The virus that infects our contemporary worship also contaminates much traditional worship. Evangelicals who are rightly unhappy with the poverty of liturgy in their services would for the most part be equally unhappy with Catholic and Orthodox services, which give the impression of burying the Word in liturgical rites rather than allowing the Word to renew and perhaps transform our ceremony.

Whatever happened to social holiness?

Perhaps as a means of avoiding the rigorous wrestling with Scripture and theology, we direct our energies to mastering skills in church management and communication. Method looms more important than content. Worship has become therapy; prayer often degenerates into magic. Religion becomes a flight from the world rather than a catalyst for renewing the world.

Earlier evangelicals like John Wesley sounded the call to social holiness, bringing the Word of God to bear upon every aspect of human life. Calvin saw the world as a theater of the glory of God, the arena in which we are called to work out our salvation in fear and trembling.
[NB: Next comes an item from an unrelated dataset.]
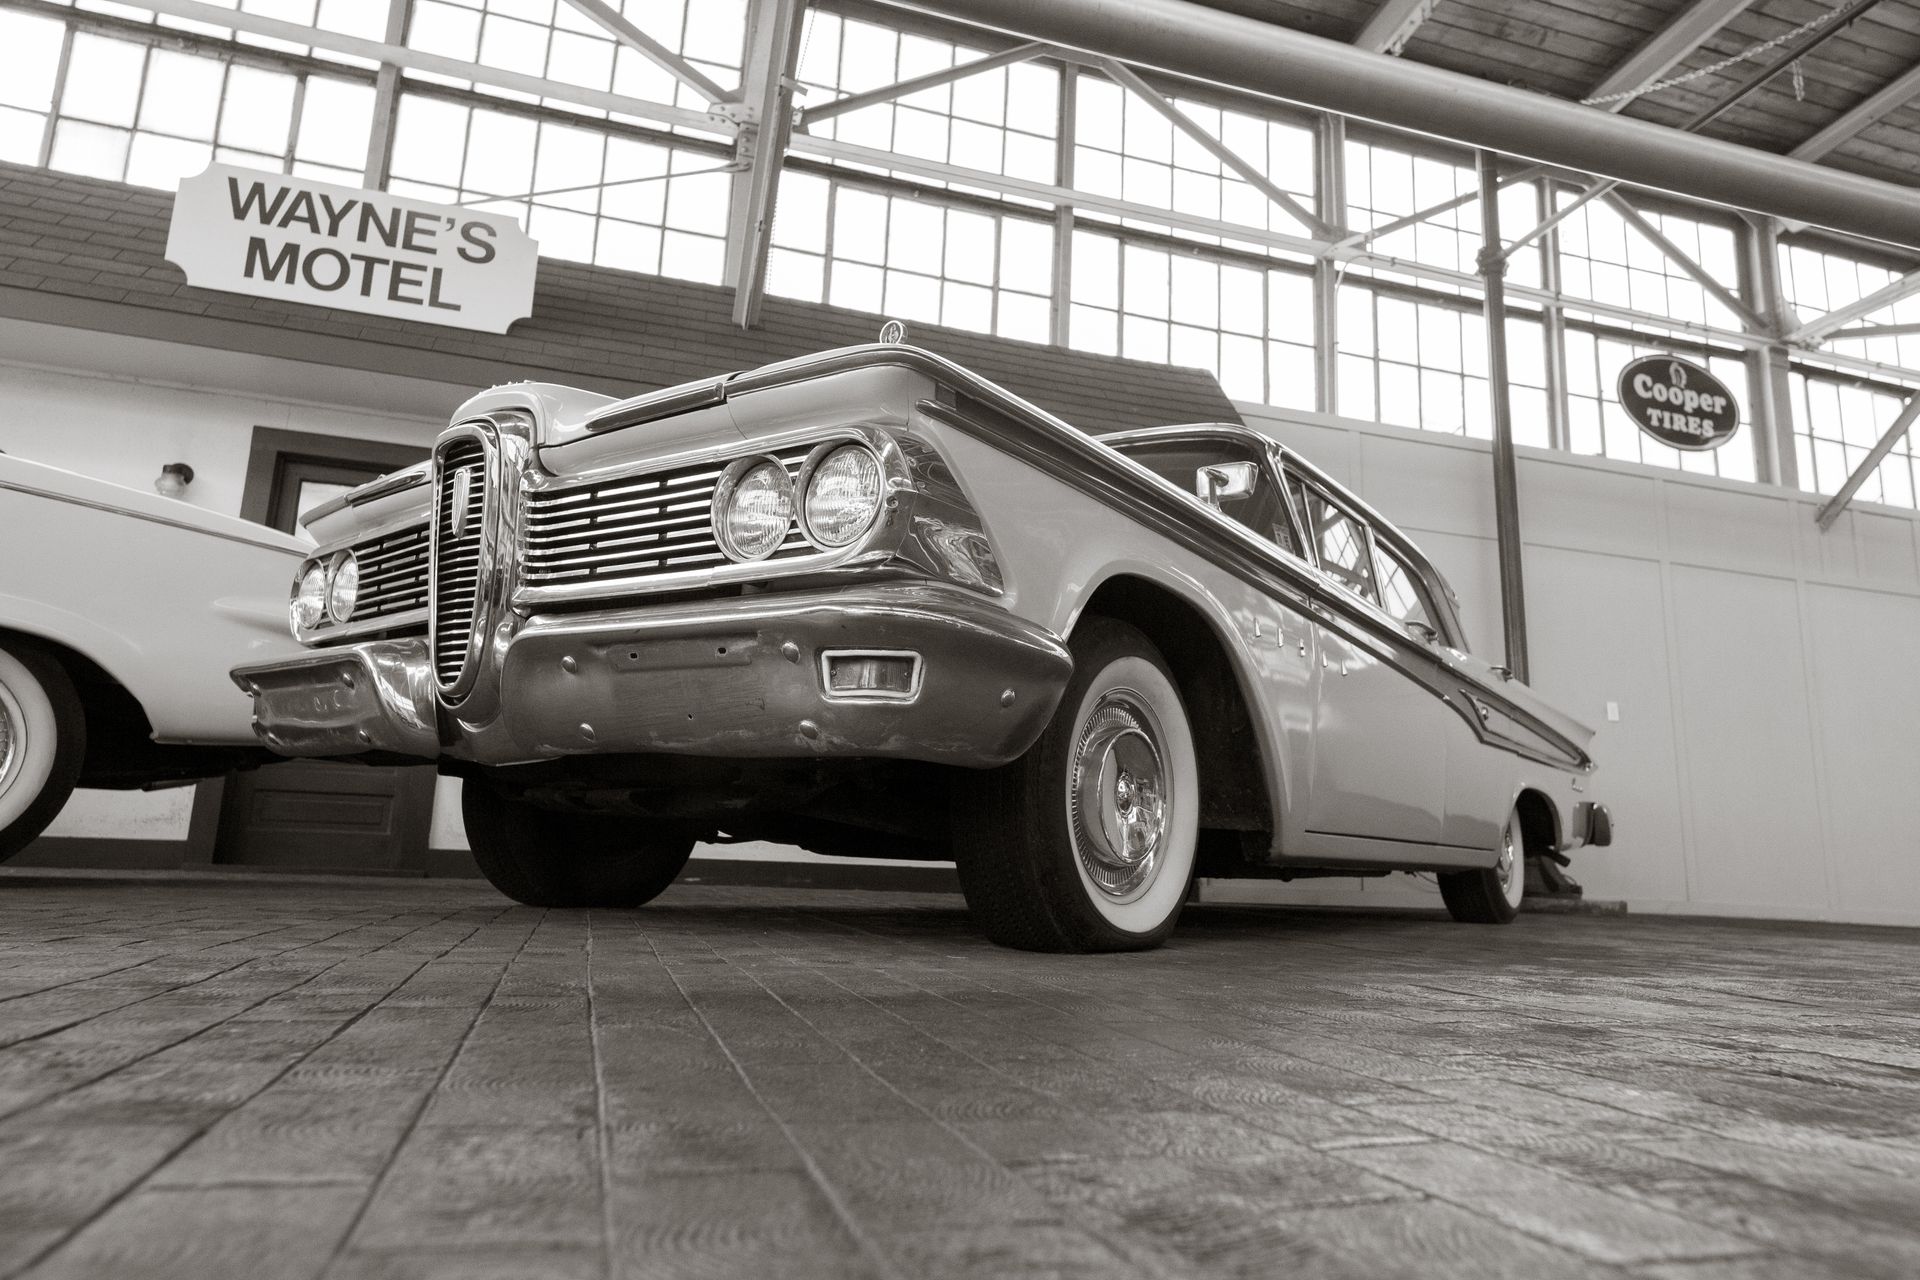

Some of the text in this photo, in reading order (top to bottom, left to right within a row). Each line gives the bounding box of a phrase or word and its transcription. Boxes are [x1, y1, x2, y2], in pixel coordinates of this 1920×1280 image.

[227, 176, 498, 264] WAYNE'S
[243, 236, 461, 311] MOTEL
[1633, 373, 1727, 415] Cooper
[1646, 407, 1715, 438] TIRES
Much of modern religion turns the soul inward rather than directing it outward to the crying needs of society. Modern evangelicalism has shamefully adapted to the therapeutic society, which makes personal fulfillment the be all and end all of human existence. An eros spirituality, the desire to possess God and his blessings, predominates over a spirituality of the cross, a willingness to serve both God and our neighbor in God's world.

I am by no means discounting the rightful place for the experience of salvation in the life of the Christian. There is nothing wrong with singing, for example, "Spirit of the Living God, Fall Afresh on Me," so long as the focus is not exclusively on "me." Yet Calvin made clear there must be something more to the Christian life than striving to save one's own soul.
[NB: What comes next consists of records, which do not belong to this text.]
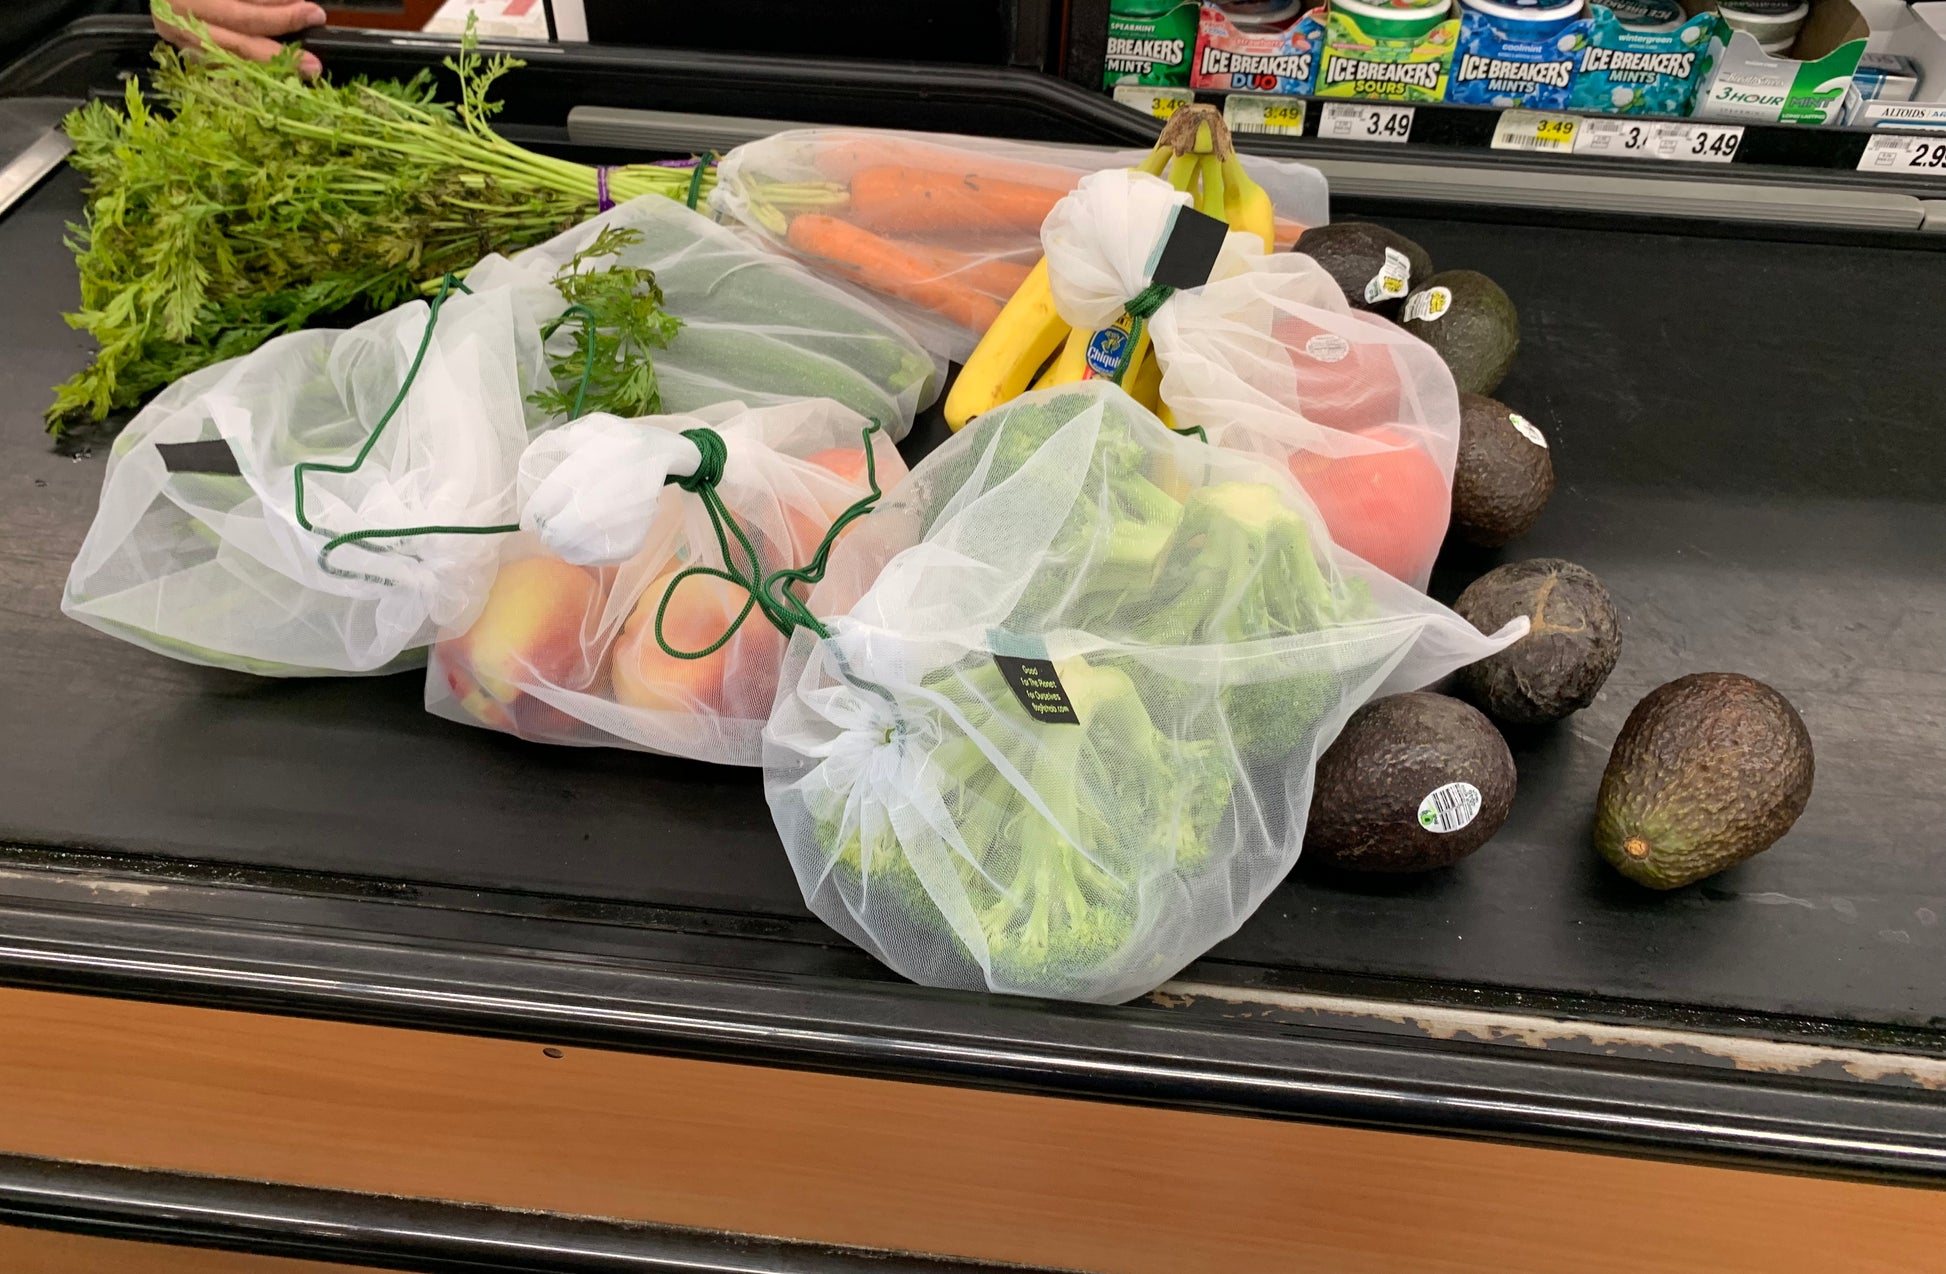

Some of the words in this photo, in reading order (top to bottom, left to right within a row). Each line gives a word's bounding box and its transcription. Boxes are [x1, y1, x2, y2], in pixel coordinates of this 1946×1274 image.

[1110, 22, 1155, 33] SPEARMINT
[1618, 33, 1673, 44] wintergreen
[1107, 36, 1185, 64] BREAKERS
[1501, 43, 1543, 54] coolmint
[1108, 60, 1152, 73] MINTS
[1201, 47, 1231, 75] ICE
[1229, 52, 1312, 80] BREAKERS
[1580, 46, 1611, 72] ICE
[1610, 51, 1695, 78] BREAKERS
[1327, 56, 1358, 84] ICE
[1356, 61, 1440, 89] BREAKERS
[1458, 54, 1490, 82] ICE
[1488, 60, 1573, 87] BREAKERS
[1608, 70, 1656, 84] MINTS
[1231, 73, 1278, 90] DUO
[1354, 80, 1406, 94] SOURS
[1488, 79, 1536, 93] MINTS
[1716, 87, 1733, 101] 3
[1731, 93, 1784, 106] HOUR
[1789, 96, 1835, 109] MINT
[1263, 107, 1299, 120] 3.49
[1882, 107, 1925, 119] ALTOIDS
[1367, 112, 1410, 137] 3.49
[1537, 119, 1574, 134] 3.49
[1625, 126, 1649, 150] 3.
[1692, 132, 1739, 157] 3.49
[1908, 143, 1946, 169] 2.9
We are called to build a holy community in which secular life might be permeated by the values and verities of the law and the gospel. It is not wrong to seek blessings from God as we live out our vocation of being witnesses and ambassadors of our Lord Jesus Christ. These blessings, however, should be sought as the means to glorify God and to advance his kingdom.

The church father Irenaeus showed remarkable perspicacity when he declared, "The glory of God is humanity fully alive." To seek God's glory does not mean the denigration and negation of the human self, but it does entail the subordination of the self to a higher goal—the kingdom of God. Our innermost desires will be satisfied only when we are taken out of ourselves into the promises of God that never deceive (Martin Luther).